Panel Based Error Corrected Next Generation Sequencing versus Flow Cytometry to Detect Measurable Residual Disease in Acute Myeloid Leukemia

We accrued 201 patients of adult AML treated with conventional therapy, in morphological remission and evaluated MRD using sensitive error corrected next generation sequencing (NGS-MRD) and multiparameter flow cytometry (FCM-MRD) at the end of induction (PI) and consolidation (PC). Nearly 71% of patients harbored PI NGS-MRD and 40.9% harbored PC NGS-MRD (median VAF 0.76%). Patients harboring NGS-MRD had a significantly higher cumulative incidence of relapse (p=0.003), inferior overall survival (p=0.001) and relapse free survival (p<0.001) as compared to NGS-MRD negative patients.
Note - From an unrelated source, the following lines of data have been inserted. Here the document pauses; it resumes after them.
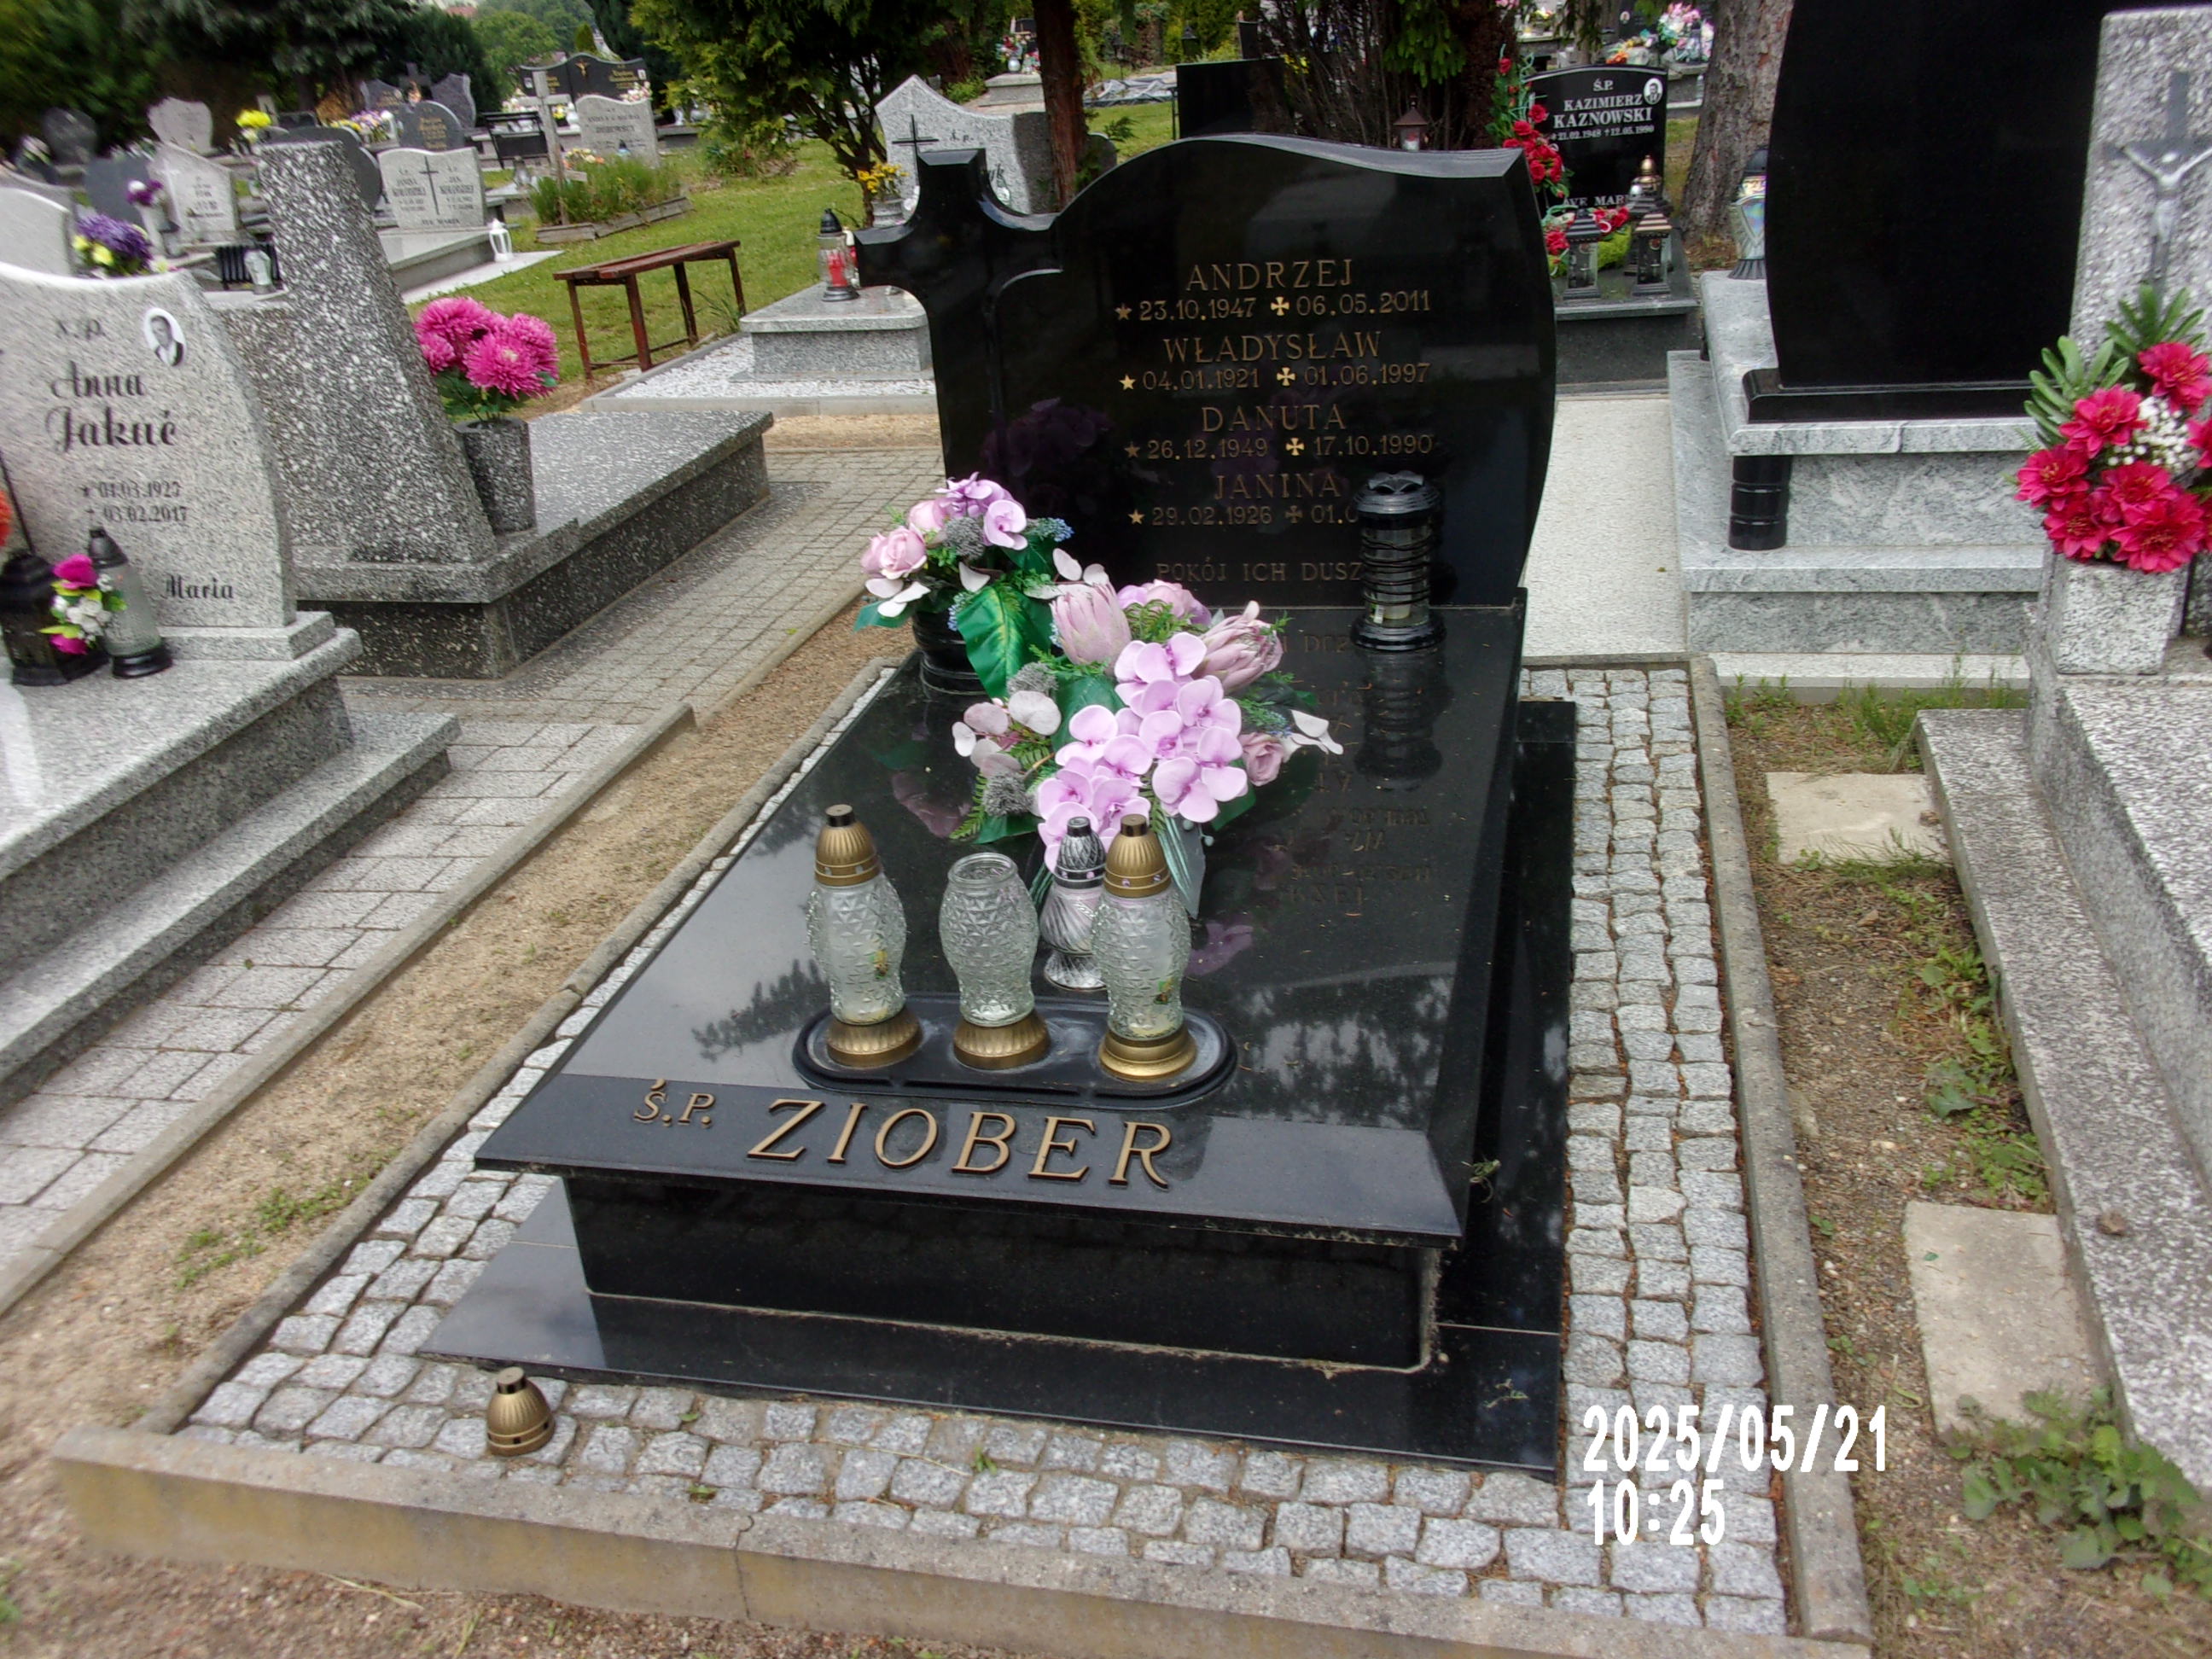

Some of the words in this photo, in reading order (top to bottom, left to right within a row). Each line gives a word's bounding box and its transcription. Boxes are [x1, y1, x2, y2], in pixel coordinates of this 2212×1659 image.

[1563, 94, 1643, 112] KAZIMIERZ
[1553, 107, 1653, 129] KAZNOWSKI
[1594, 195, 1628, 207] MAR
[1185, 259, 1353, 292] ANDRZEJ
[1139, 297, 1257, 321] 23.10.1947
[1296, 289, 1431, 316] 06.05.2011
[1163, 330, 1382, 364] WŁADYSŁAW
[50, 360, 147, 399] Anna
[1142, 368, 1260, 392] 04.01.1921
[1303, 362, 1431, 387] 01.06.1997
[1202, 404, 1346, 433] DANUTA
[1147, 437, 1269, 461] 26.12.1949
[1315, 434, 1435, 457] 17.10.1990
[1214, 473, 1342, 500] JANINA
[1151, 505, 1272, 527] 29.02.1926
[1156, 556, 1226, 582] POKÓJ
[1243, 562, 1286, 582] ICH
[1301, 562, 1363, 582] DUSZ
[166, 575, 233, 600] Maria
[633, 1079, 715, 1130] Ś.P.
[747, 1098, 1172, 1190] ZIOBER
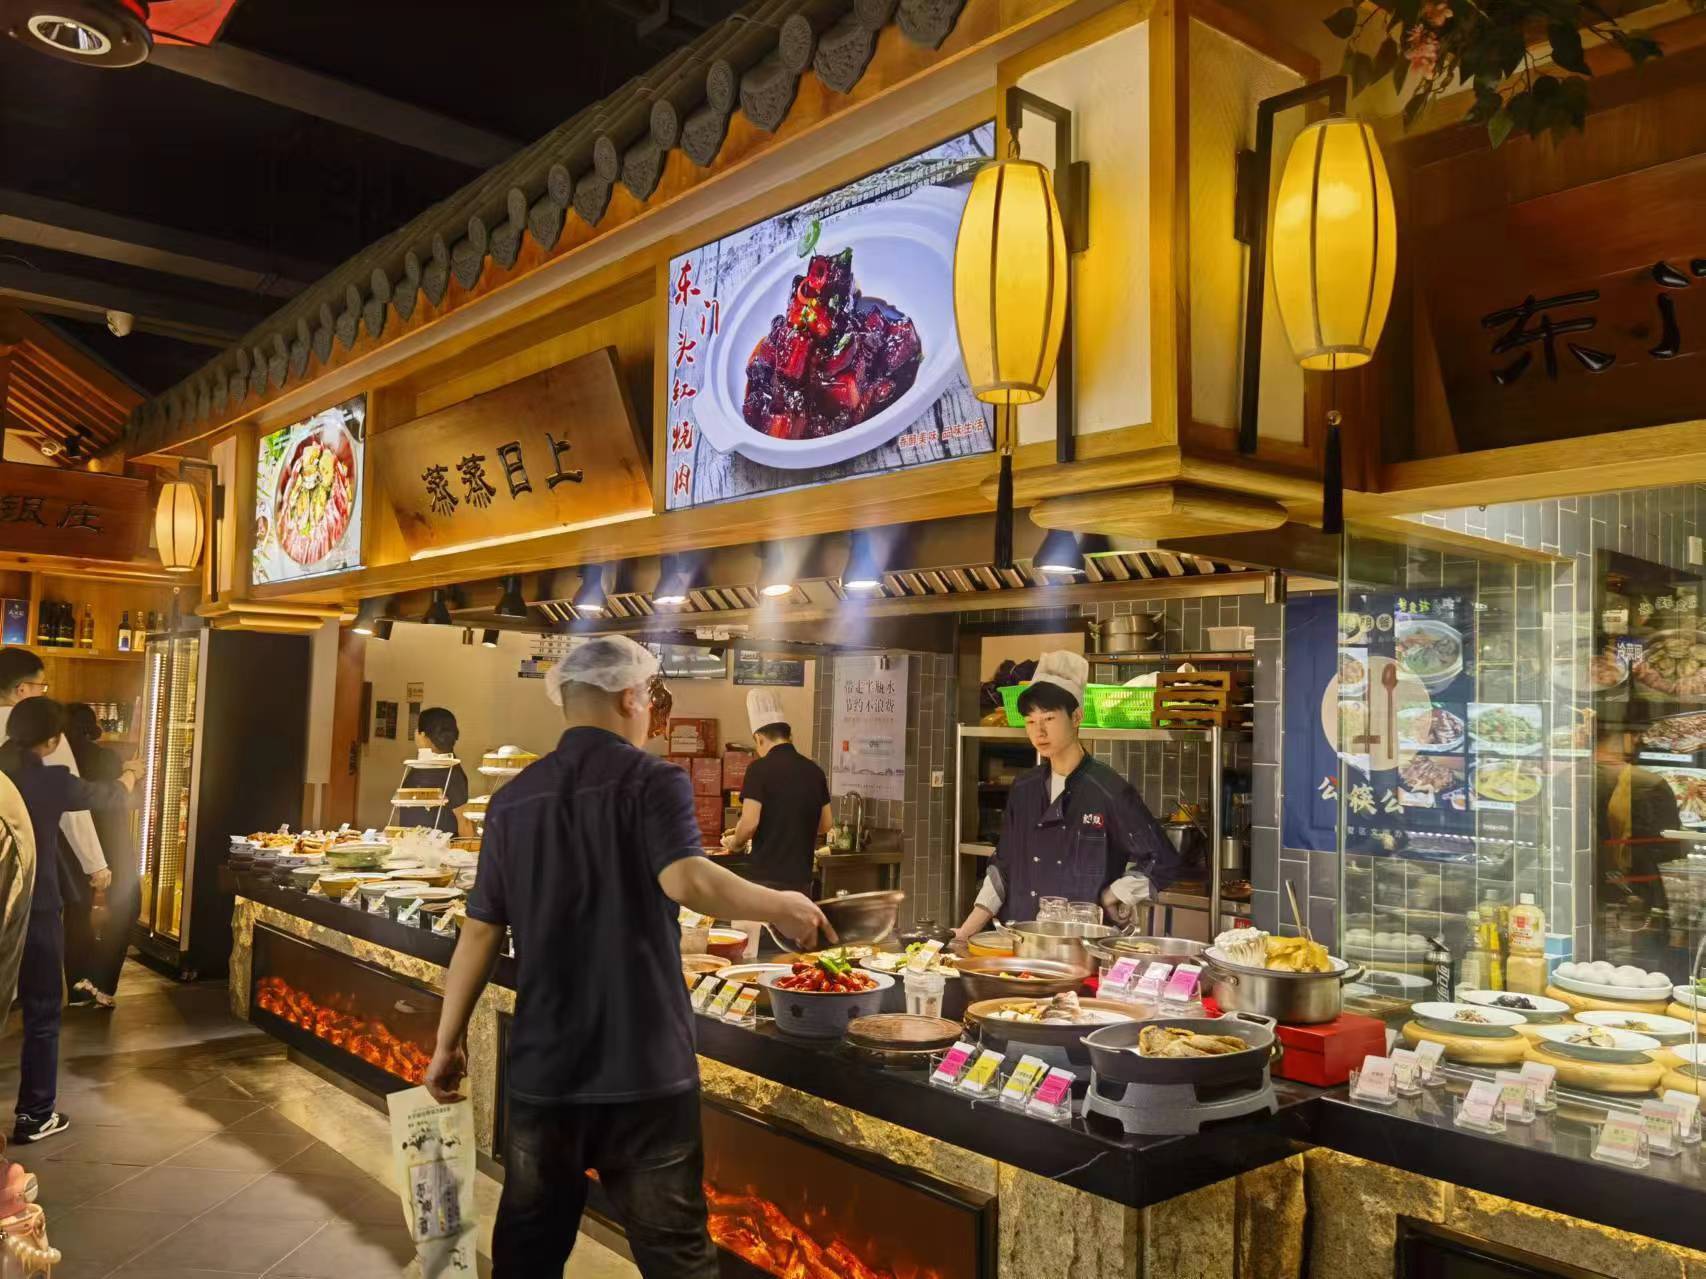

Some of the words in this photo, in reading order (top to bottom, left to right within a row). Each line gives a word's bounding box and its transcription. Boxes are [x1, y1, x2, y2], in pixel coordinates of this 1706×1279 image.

NGS-MRD was predictive of inferior outcome in intermediate cytogenetic risk and demonstrated potential in favorable cytogenetic risk AML. Patients who cleared PI NGS-MRD had a significantly improved survival as compared to patients who became negative subsequently indicating that kinetics of NGS-MRD clearance was of paramount importance. NGS-MRD identified over 80% of cases identified by flow cytometry at PI time point whereas FCM identified 49.3% identified by NGS. Only a fraction of cases were truly missed by NGS as compared to FCM-MRD. NGS-MRD emerged as the most important independent prognostic factor predictive of inferior outcome (p<0.001). We demonstrate a widely applicable, scalable NGS-MRD approach that is clinically informative and advantageous when compared to FCM-MRD in AML treated with conventional therapies.